### PROBLEM TO WORK ON
The entries below should be repeated exactly, with no pictures carried over.

### DATA PROVIDED
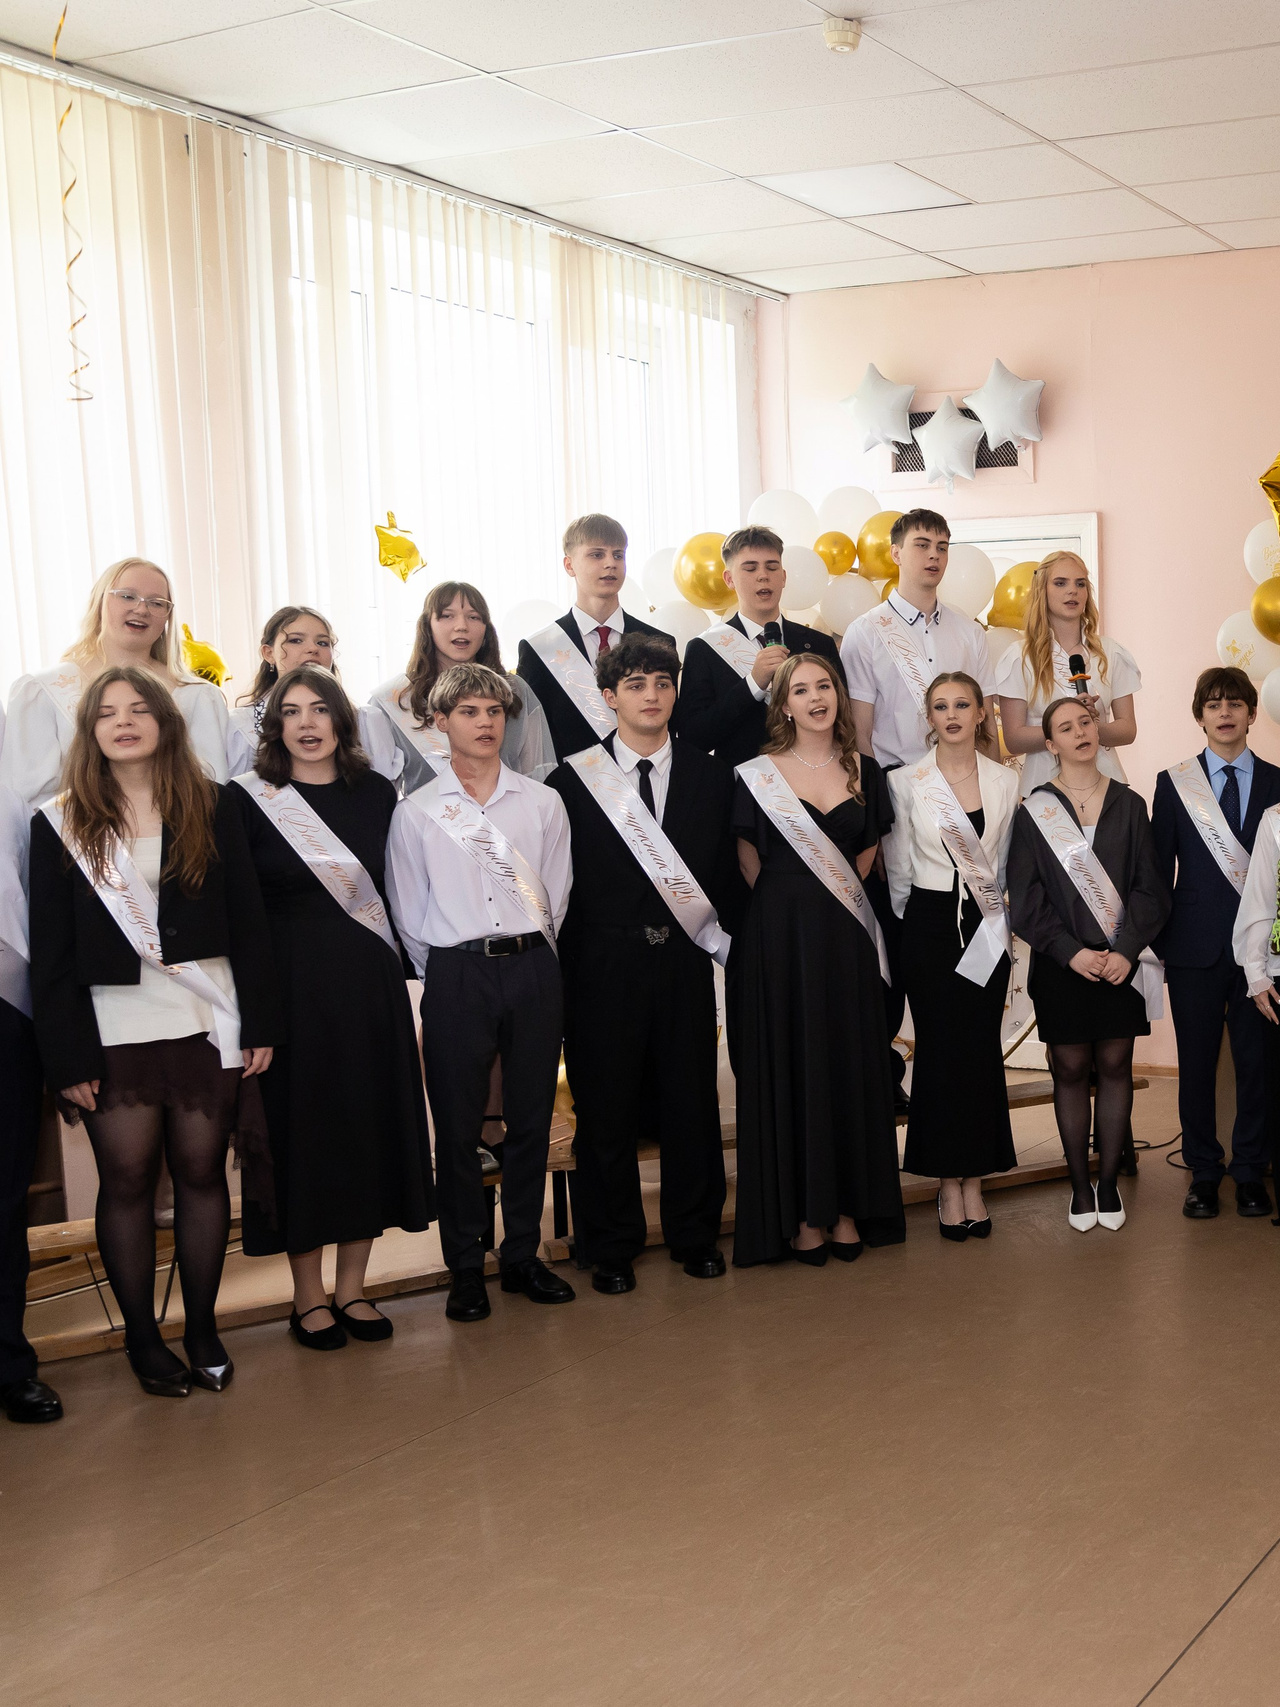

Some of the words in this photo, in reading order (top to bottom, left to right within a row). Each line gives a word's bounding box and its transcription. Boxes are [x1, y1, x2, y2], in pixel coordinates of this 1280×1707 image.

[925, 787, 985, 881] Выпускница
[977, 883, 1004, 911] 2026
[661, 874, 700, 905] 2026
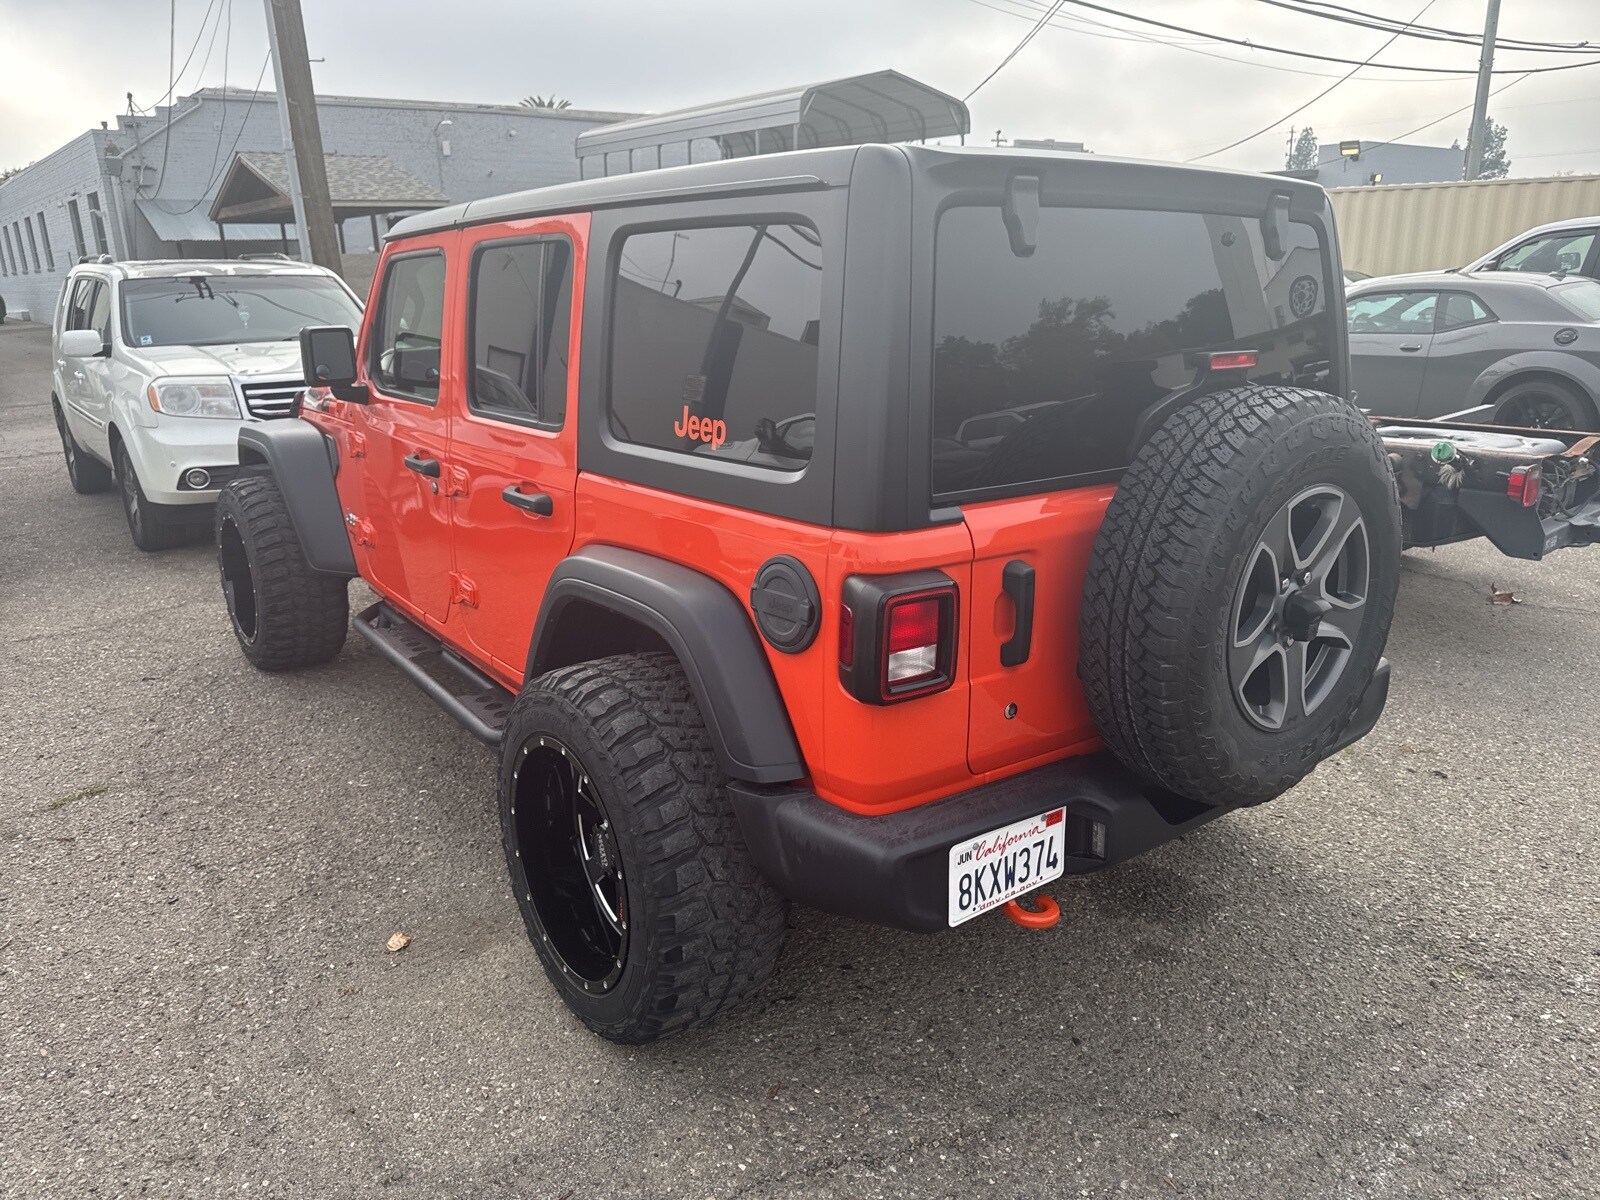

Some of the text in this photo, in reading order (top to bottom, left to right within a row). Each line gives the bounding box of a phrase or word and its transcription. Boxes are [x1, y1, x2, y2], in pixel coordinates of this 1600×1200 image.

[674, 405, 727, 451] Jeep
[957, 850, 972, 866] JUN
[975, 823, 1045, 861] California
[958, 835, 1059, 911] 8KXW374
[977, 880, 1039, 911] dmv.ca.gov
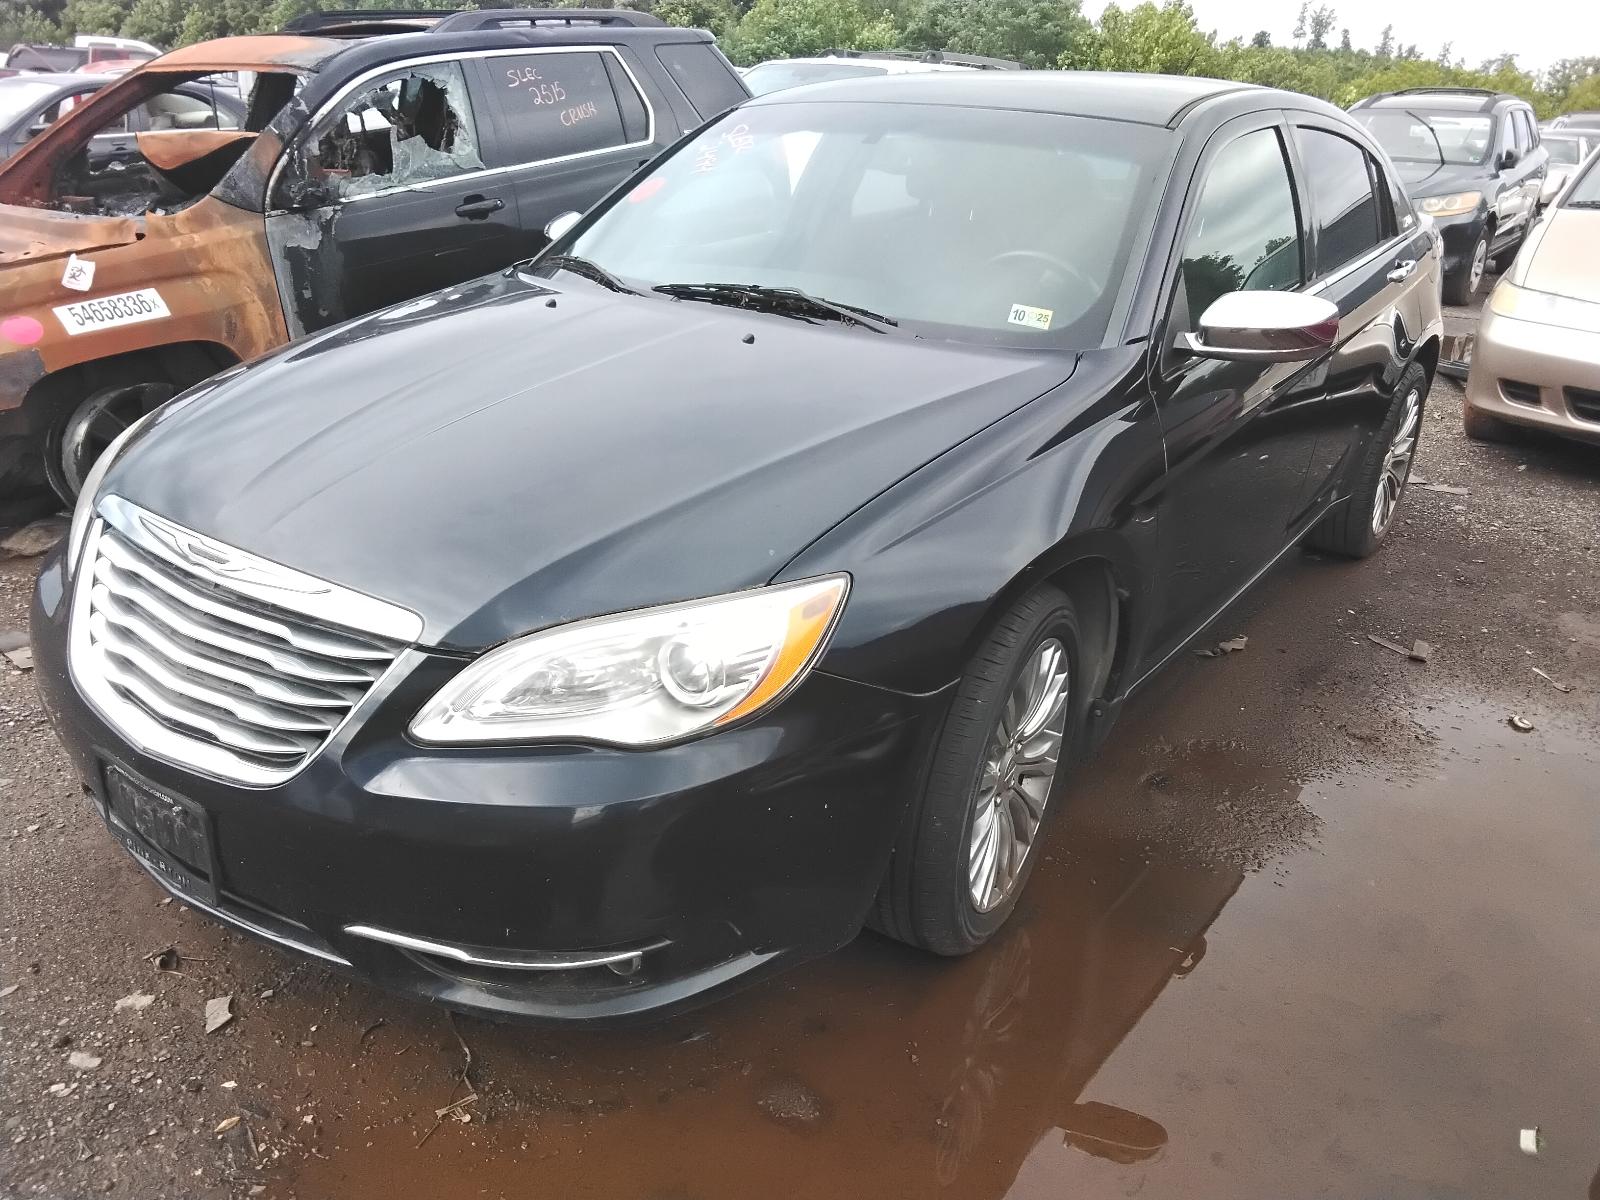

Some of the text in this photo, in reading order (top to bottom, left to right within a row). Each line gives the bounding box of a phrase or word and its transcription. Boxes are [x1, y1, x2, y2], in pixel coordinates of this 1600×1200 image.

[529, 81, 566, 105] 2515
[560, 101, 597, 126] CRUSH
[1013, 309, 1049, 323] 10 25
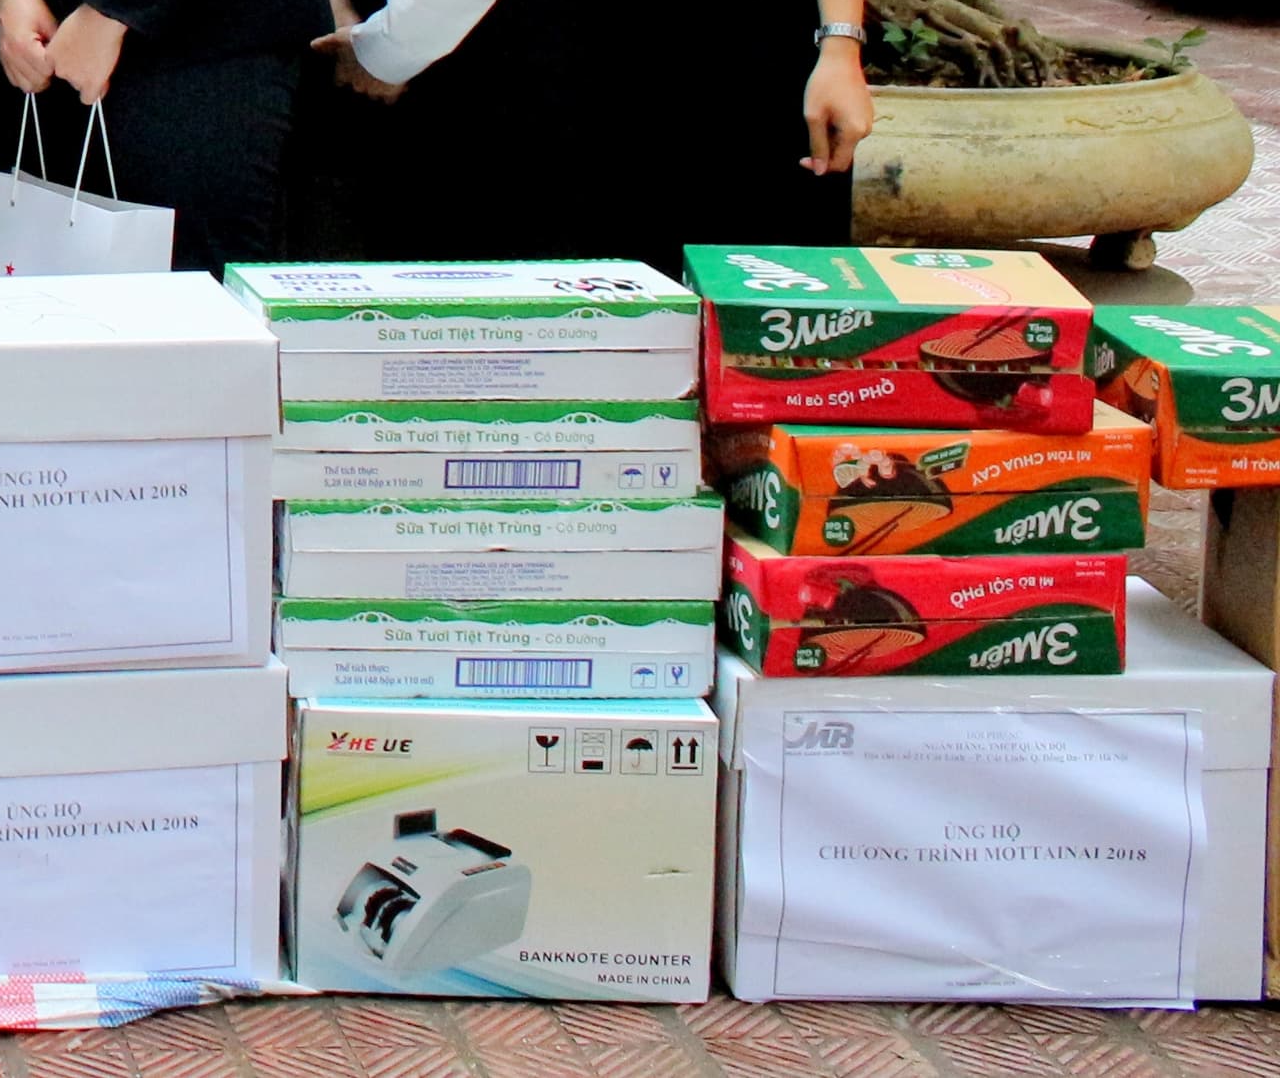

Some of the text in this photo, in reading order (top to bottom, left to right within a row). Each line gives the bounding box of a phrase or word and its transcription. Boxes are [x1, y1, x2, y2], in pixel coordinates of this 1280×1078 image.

### OUTPUT OF THE EXERCISE
Some of the words in this photo, in reading order (top to bottom, left to right within a row). Each line gives a word's bounding box and its transcription. Boxes are [x1, y1, x2, y2], in pixel coordinates of this 1280×1707 image.

[925, 787, 985, 881] Выпускница
[977, 883, 1004, 911] 2026
[661, 874, 700, 905] 2026

Some of the text in this photo, in reading order (top to bottom, left to right within a row). Each line gives the bounding box of a phrase or word and its transcription. Boxes are [x1, y1, x2, y2], in pixel coordinates of this 1600×1200 image.

[674, 405, 727, 451] Jeep
[957, 850, 972, 866] JUN
[975, 823, 1045, 861] California
[958, 835, 1059, 911] 8KXW374
[977, 880, 1039, 911] dmv.ca.gov

Some of the text in this photo, in reading order (top to bottom, left to right within a row). Each line gives the bounding box of a phrase or word and its transcription. Boxes are [x1, y1, x2, y2], in pixel coordinates of this 1600×1200 image.

[529, 81, 566, 105] 2515
[560, 101, 597, 126] CRUSH
[1013, 309, 1049, 323] 10 25

Some of the text in this photo, in reading order (top to bottom, left to right within a row). Each line gives the bounding box of a phrase or word and its transcription. Boxes are [x1, y1, x2, y2], in pixel coordinates of this 1280×1078 image.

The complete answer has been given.